You need massive data to reach deeper conclusions

Some answers are easy to find, but deeper, more complex answers often require more and more data. Sometimes the amount of data will rise exponentially. AI can leave you with an insatiable appetite for more and more bits.

You’re stuck with the biases of your data

Just like the inhabitants of Plato’s Cave, we’re all limited by what we can see and perceive. AIs are no different. They’re explicitly limited by their training set. If there are biases in the data — and there will be some — the AI will inherit them. If there are holes in the data, there will be holes in the AI’s understanding of the world.  

AI is a black hole for electricity

Most good games have a final level or an ultimate goal. AIs, though, can keep getting more and more complex. As long as you’re willing to pay the electricity bill, they’ll keep churning out more complex models with more nodes, more levels, and more internal state. Maybe this extra complexity will be enough to make the model truly useful. Maybe some emergent sentient behavior will come out of the next run. But maybe we’ll need an even larger collection of GPUs running through the night to really capture the effect.

Explainable AI is just another turtle

AI researchers have been devoting more time of late trying to explain just what the AI is doing.  We can dig into the data and discover that the trained model relies heavily on these parameters that come from a particular corner of the data set. Often, though, the explanations are like those offered by magicians who explain one trick by performing another. Answering the question why is surprisingly hard. You can look at the simplest linear models and stare at the parameters, but often you’ll be left scratching your head.
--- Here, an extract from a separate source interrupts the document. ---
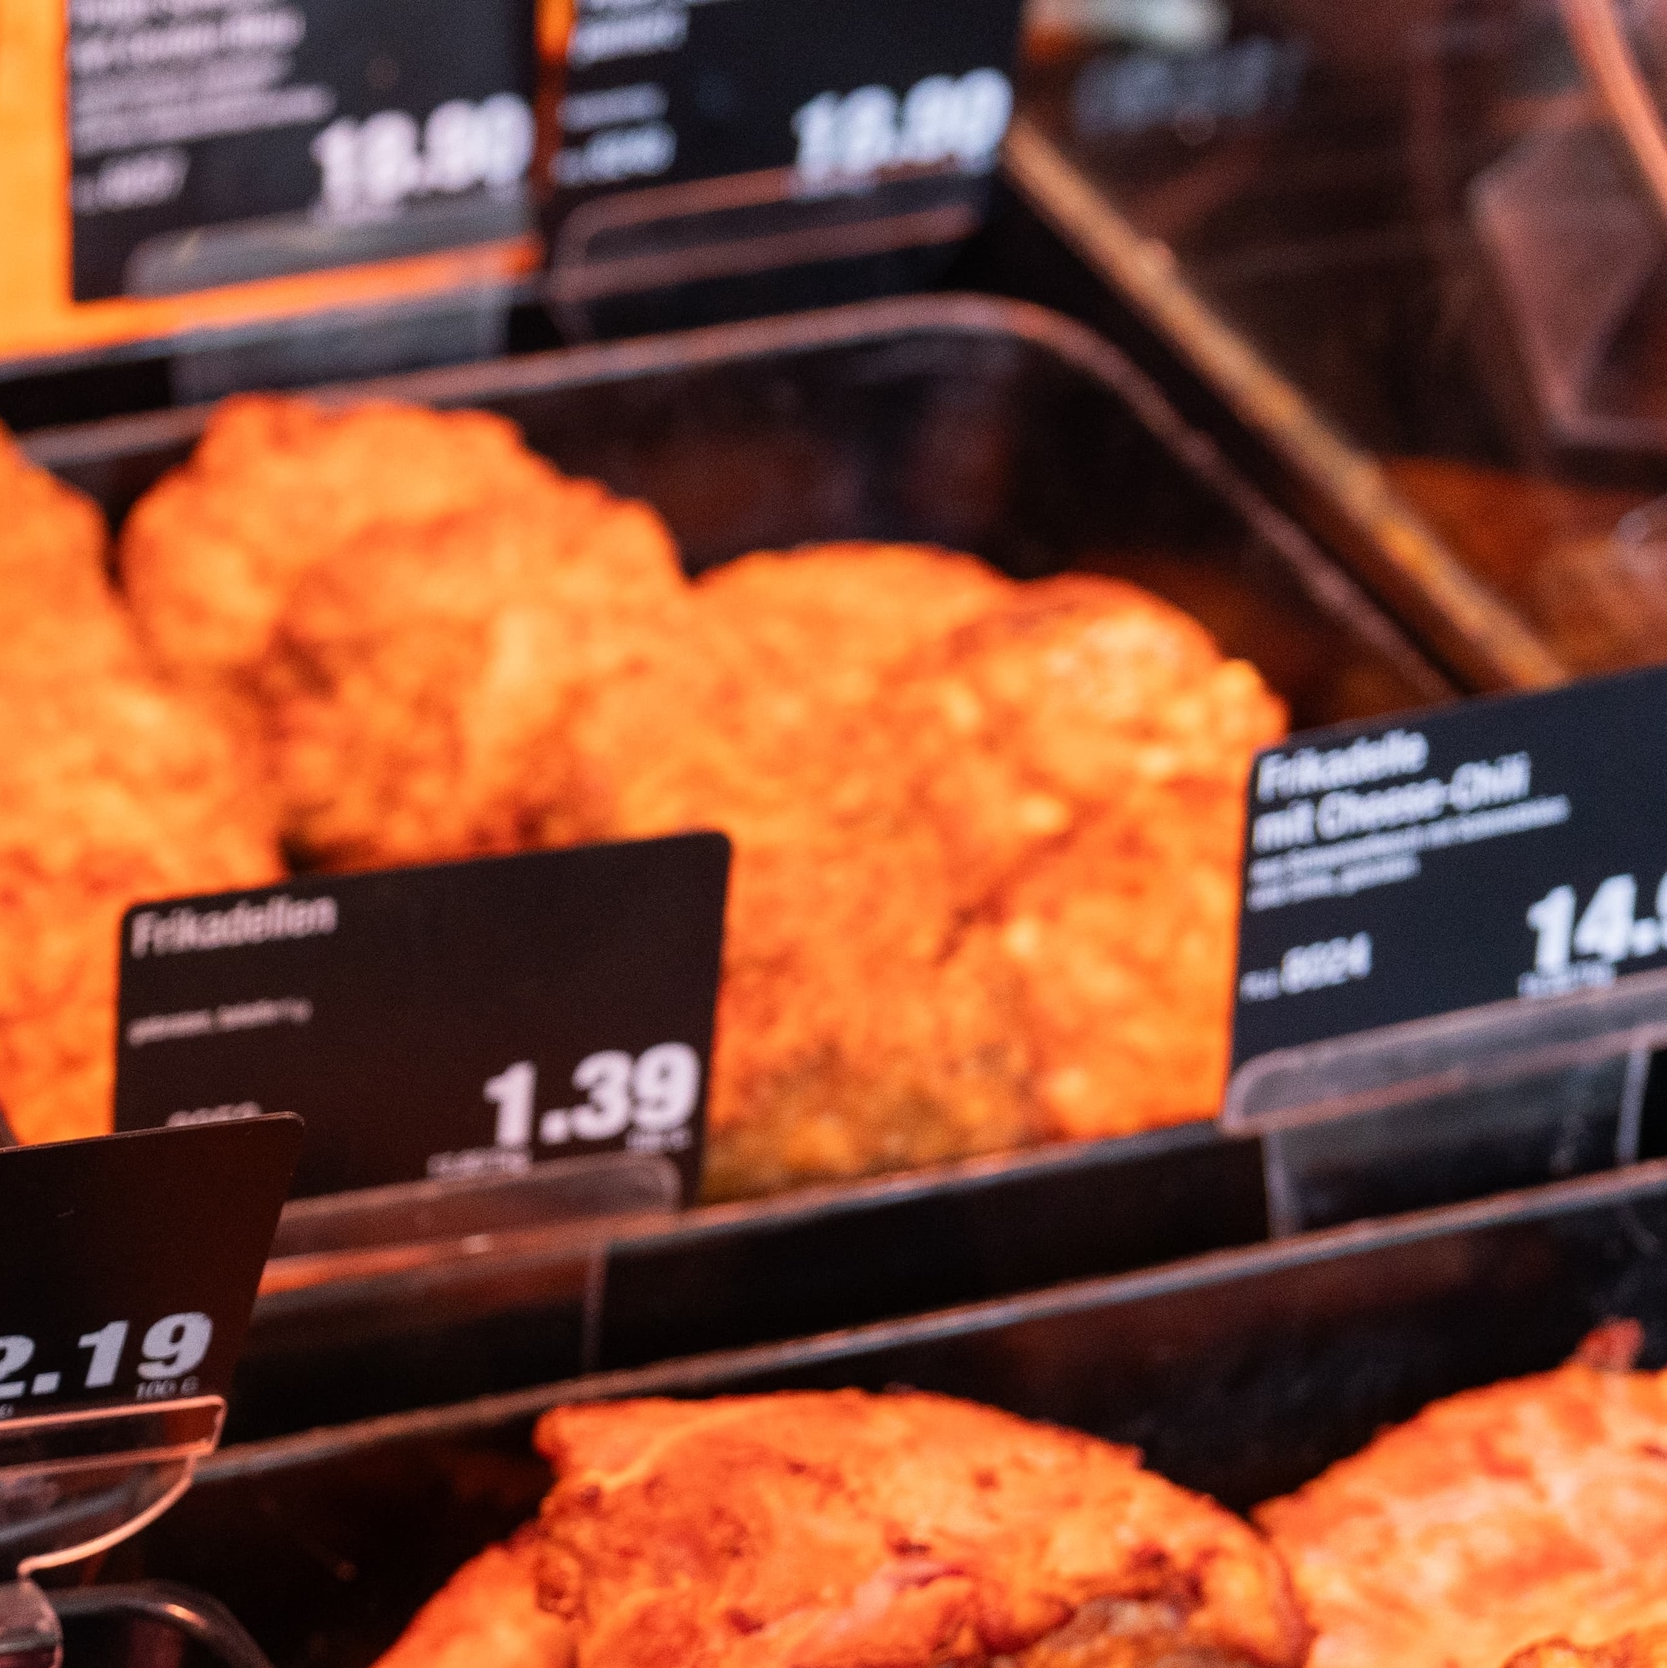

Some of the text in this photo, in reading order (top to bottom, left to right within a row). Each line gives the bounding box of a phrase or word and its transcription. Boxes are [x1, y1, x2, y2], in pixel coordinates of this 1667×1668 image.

[1257, 729, 1429, 801] Frikadelle
[1252, 799, 1316, 852] mit
[131, 895, 338, 958] Frikadellen
[483, 1041, 701, 1148] 1.39
If the model says to multiply the number of miles driven each year by a factor of 0.043255, you might wonder why not 0.043256 or 0.7, or maybe something outrageously different like 411 or 10 billion. Once you’re using a continuum, all of the numbers along the axis might be right. 

It’s like the old model where the Earth was just sitting on a giant Turtle. And where did this turtle stand? On the back of another Turtle. And where does the next stand? It’s turtles all the way down.
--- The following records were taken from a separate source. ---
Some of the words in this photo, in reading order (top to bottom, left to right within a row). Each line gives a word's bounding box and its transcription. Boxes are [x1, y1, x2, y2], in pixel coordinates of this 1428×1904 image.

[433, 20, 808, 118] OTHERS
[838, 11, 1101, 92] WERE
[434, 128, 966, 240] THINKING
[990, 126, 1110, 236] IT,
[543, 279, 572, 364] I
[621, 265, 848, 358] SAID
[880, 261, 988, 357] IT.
Trying to be fair is a challenge

You could leave height out of the training set, but the odds are pretty good that your AI program will find some other proxy to flag the taller people and choose them for your basketball squad. Maybe it will be shoe size. Or perhaps reach. People have dreamed that asking a neutral AI to make an unbiased decision would make the world a fairer place, but sometimes the issues are deeply embedded in reality and the algorithms can’t do any better.

Sometimes the fixes are even worse

Is forcing an AI to be fair any real solution? Some try to insist that AIs generate results with certain preordained percentages. They put their thumb on the scale and rewrite the algorithms to change the output. But then people start to wonder why we bother with any training or data analysis if you’ve already decided the answer you want.

Humans are the real problem

We’re generally happy with AIs when the stakes are low. If you’ve got 10 million pictures to sort, you’re going to be happy if some AI will generate reasonably accurate results most of the time. Sure, there may be issues and mistakes. Some of the glitches might even reflect deep problems with the AI’s biases, issues that might be worthy of a 200-page hairsplitting thesis.

But the AIs aren’t the problem. They will do what they’re told. If they get fussy and start generating error messages, we can hide those messages. If the training set doesn’t generate perfect results, we can put aside the whining result asking for more data. If the accuracy isn’t as high as possible, we can just file that result away. The AIs will go back to work and do the best they can.

Humans, though, are a completely different animal. The AIs are their tools and the humans will be the ones who want to use them to find an advantage and profit from it. Some of these plans will be relatively innocent, but some will be driven by secret malice aforethought. Many times, when we run into a bad AI, it’s because it’s the puppet on the string for some human that’s profiting from the bad behavior.